Given records:
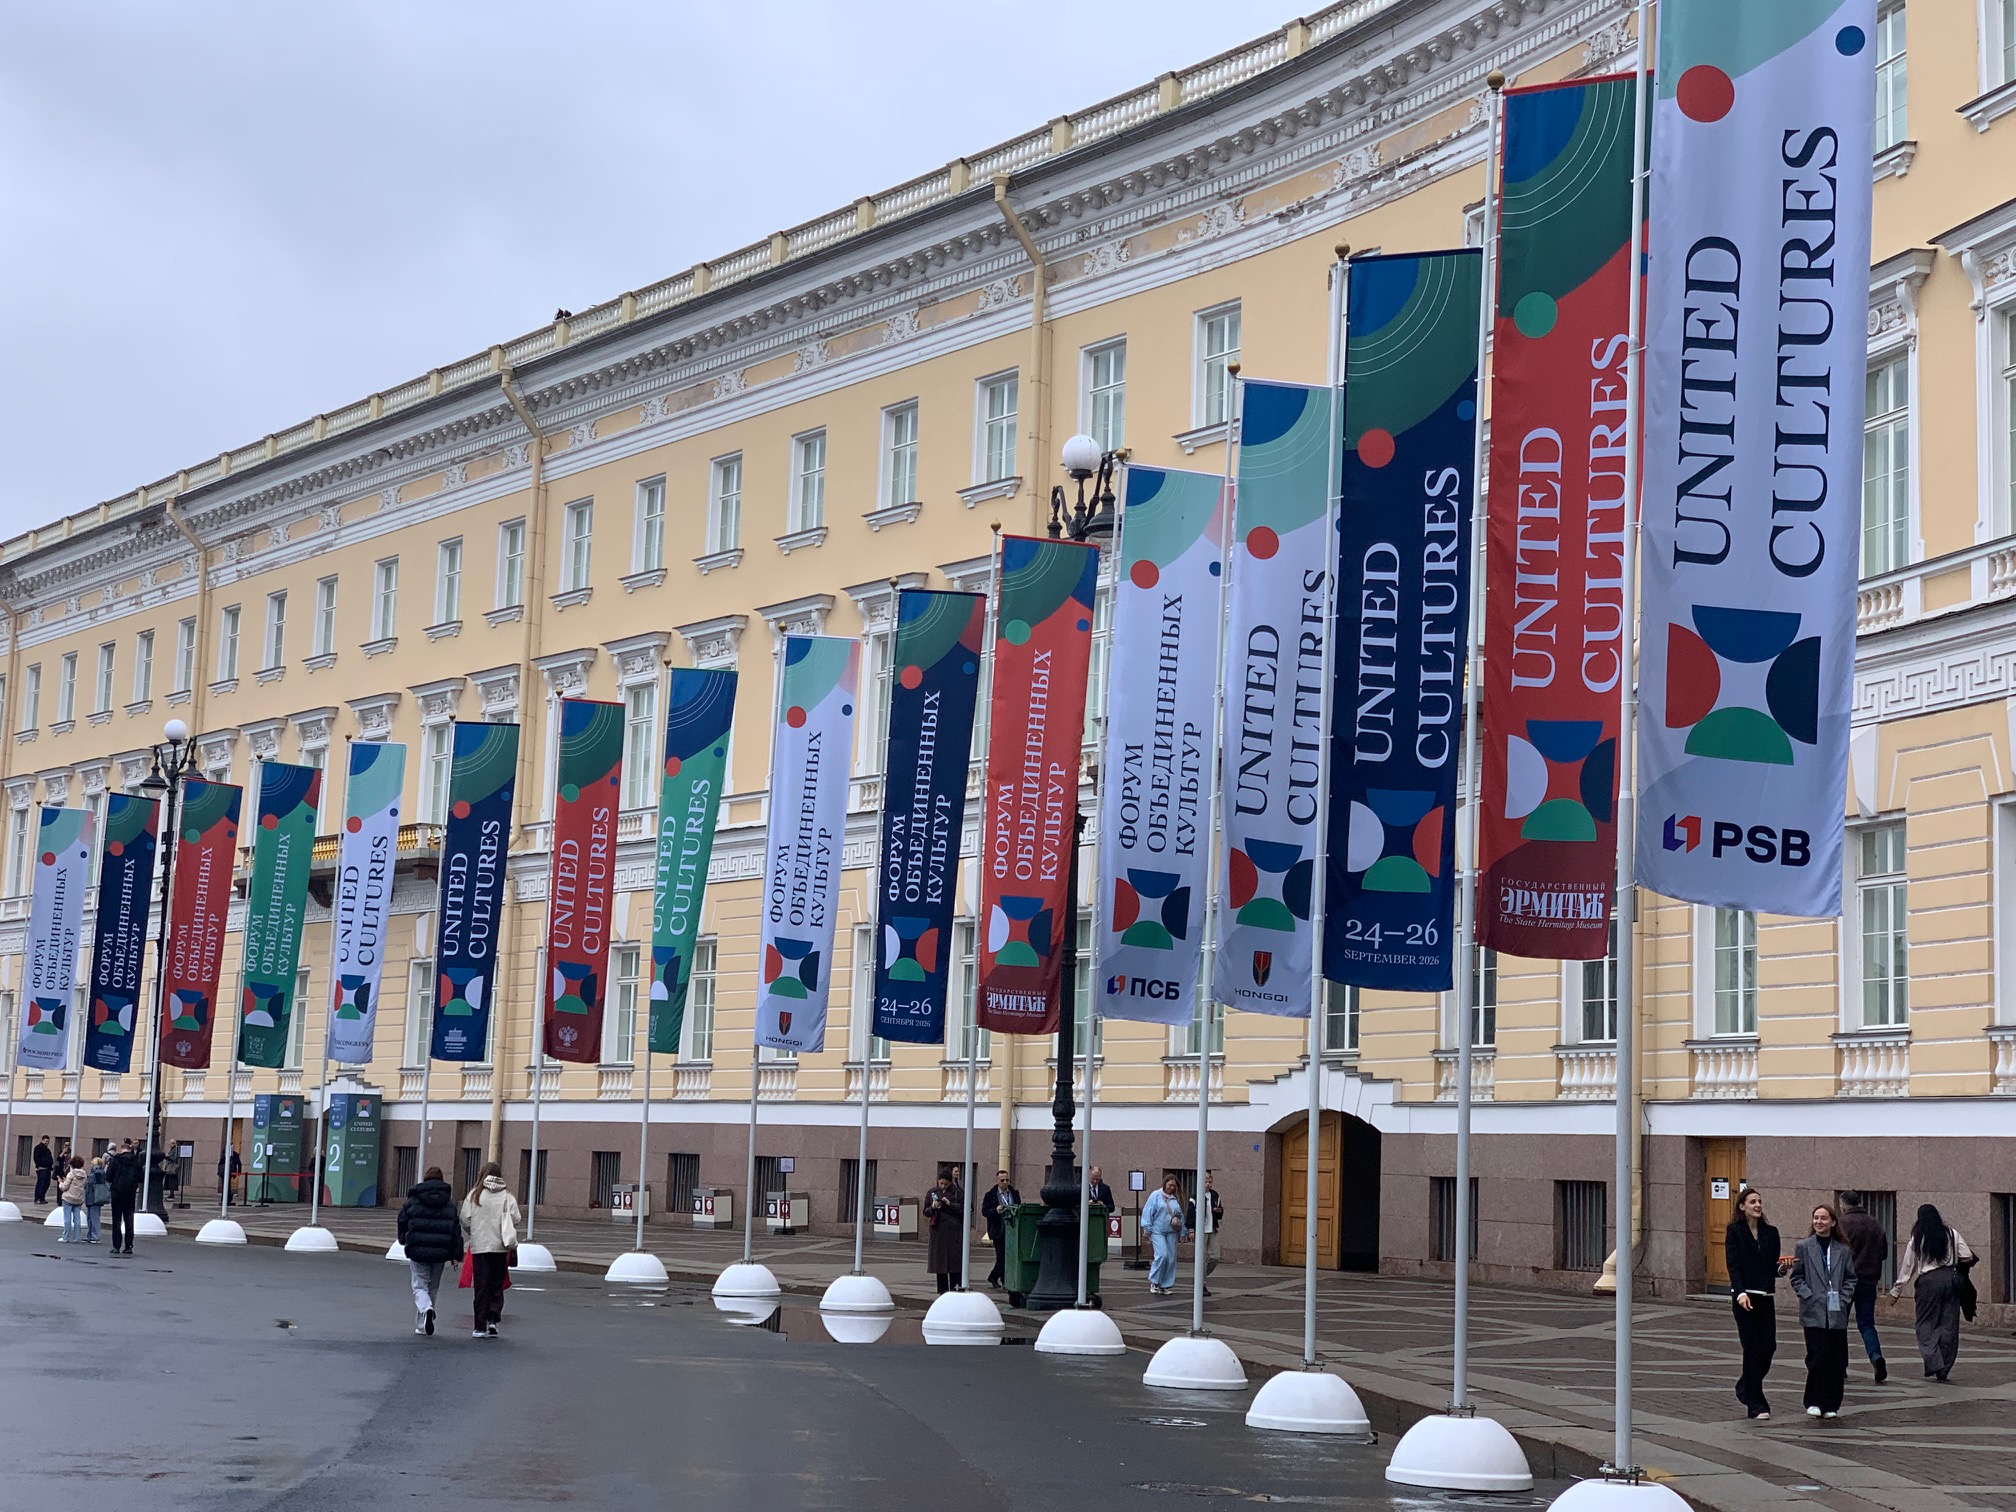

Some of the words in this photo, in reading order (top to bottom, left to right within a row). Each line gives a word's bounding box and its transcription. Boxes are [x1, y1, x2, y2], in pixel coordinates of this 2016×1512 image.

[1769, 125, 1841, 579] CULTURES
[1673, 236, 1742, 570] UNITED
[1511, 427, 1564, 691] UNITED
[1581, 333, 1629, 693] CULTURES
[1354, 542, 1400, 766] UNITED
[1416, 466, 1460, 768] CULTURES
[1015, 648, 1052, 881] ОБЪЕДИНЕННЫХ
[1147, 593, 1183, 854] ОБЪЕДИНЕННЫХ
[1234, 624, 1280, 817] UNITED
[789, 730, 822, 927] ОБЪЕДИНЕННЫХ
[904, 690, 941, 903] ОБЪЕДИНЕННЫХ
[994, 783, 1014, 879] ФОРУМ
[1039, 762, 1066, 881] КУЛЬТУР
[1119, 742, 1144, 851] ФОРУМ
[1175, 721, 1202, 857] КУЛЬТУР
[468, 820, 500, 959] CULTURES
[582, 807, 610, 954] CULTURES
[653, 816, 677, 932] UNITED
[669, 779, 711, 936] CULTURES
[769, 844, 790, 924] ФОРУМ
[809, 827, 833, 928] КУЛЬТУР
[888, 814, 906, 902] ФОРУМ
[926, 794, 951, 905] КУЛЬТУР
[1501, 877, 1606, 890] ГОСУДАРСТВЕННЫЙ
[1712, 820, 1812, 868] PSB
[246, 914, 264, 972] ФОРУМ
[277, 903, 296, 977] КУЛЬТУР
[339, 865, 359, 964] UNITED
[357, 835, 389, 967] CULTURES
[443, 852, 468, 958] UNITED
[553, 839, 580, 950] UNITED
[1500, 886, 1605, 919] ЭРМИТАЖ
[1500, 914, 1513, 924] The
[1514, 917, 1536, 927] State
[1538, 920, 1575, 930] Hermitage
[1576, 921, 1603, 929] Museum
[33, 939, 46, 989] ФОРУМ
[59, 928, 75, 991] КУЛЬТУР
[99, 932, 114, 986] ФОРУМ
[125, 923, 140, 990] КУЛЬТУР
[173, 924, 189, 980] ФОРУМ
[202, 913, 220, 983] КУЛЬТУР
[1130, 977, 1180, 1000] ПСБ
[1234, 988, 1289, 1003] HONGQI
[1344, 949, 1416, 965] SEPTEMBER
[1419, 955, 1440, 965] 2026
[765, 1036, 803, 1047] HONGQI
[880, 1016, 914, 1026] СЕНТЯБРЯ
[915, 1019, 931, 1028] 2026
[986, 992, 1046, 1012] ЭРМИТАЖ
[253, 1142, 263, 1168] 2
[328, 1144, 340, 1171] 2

Exercise brief: Copy out all the data exactly; skip the pictures.

Exercise response:
Some of the words in this photo, in reading order (top to bottom, left to right within a row). Each line gives a word's bounding box and its transcription. Boxes are [x1, y1, x2, y2], in pixel coordinates of this 2016×1512 image.

[1769, 125, 1841, 579] CULTURES
[1673, 236, 1742, 570] UNITED
[1511, 427, 1564, 691] UNITED
[1581, 333, 1629, 693] CULTURES
[1354, 542, 1400, 766] UNITED
[1416, 466, 1460, 768] CULTURES
[1015, 648, 1052, 881] ОБЪЕДИНЕННЫХ
[1147, 593, 1183, 854] ОБЪЕДИНЕННЫХ
[1234, 624, 1280, 817] UNITED
[789, 730, 822, 927] ОБЪЕДИНЕННЫХ
[904, 690, 941, 903] ОБЪЕДИНЕННЫХ
[994, 783, 1014, 879] ФОРУМ
[1039, 762, 1066, 881] КУЛЬТУР
[1119, 742, 1144, 851] ФОРУМ
[1175, 721, 1202, 857] КУЛЬТУР
[468, 820, 500, 959] CULTURES
[582, 807, 610, 954] CULTURES
[653, 816, 677, 932] UNITED
[669, 779, 711, 936] CULTURES
[769, 844, 790, 924] ФОРУМ
[809, 827, 833, 928] КУЛЬТУР
[888, 814, 906, 902] ФОРУМ
[926, 794, 951, 905] КУЛЬТУР
[1501, 877, 1606, 890] ГОСУДАРСТВЕННЫЙ
[1712, 820, 1812, 868] PSB
[246, 914, 264, 972] ФОРУМ
[277, 903, 296, 977] КУЛЬТУР
[339, 865, 359, 964] UNITED
[357, 835, 389, 967] CULTURES
[443, 852, 468, 958] UNITED
[553, 839, 580, 950] UNITED
[1500, 886, 1605, 919] ЭРМИТАЖ
[1500, 914, 1513, 924] The
[1514, 917, 1536, 927] State
[1538, 920, 1575, 930] Hermitage
[1576, 921, 1603, 929] Museum
[33, 939, 46, 989] ФОРУМ
[59, 928, 75, 991] КУЛЬТУР
[99, 932, 114, 986] ФОРУМ
[125, 923, 140, 990] КУЛЬТУР
[173, 924, 189, 980] ФОРУМ
[202, 913, 220, 983] КУЛЬТУР
[1130, 977, 1180, 1000] ПСБ
[1234, 988, 1289, 1003] HONGQI
[1344, 949, 1416, 965] SEPTEMBER
[1419, 955, 1440, 965] 2026
[765, 1036, 803, 1047] HONGQI
[880, 1016, 914, 1026] СЕНТЯБРЯ
[915, 1019, 931, 1028] 2026
[986, 992, 1046, 1012] ЭРМИТАЖ
[253, 1142, 263, 1168] 2
[328, 1144, 340, 1171] 2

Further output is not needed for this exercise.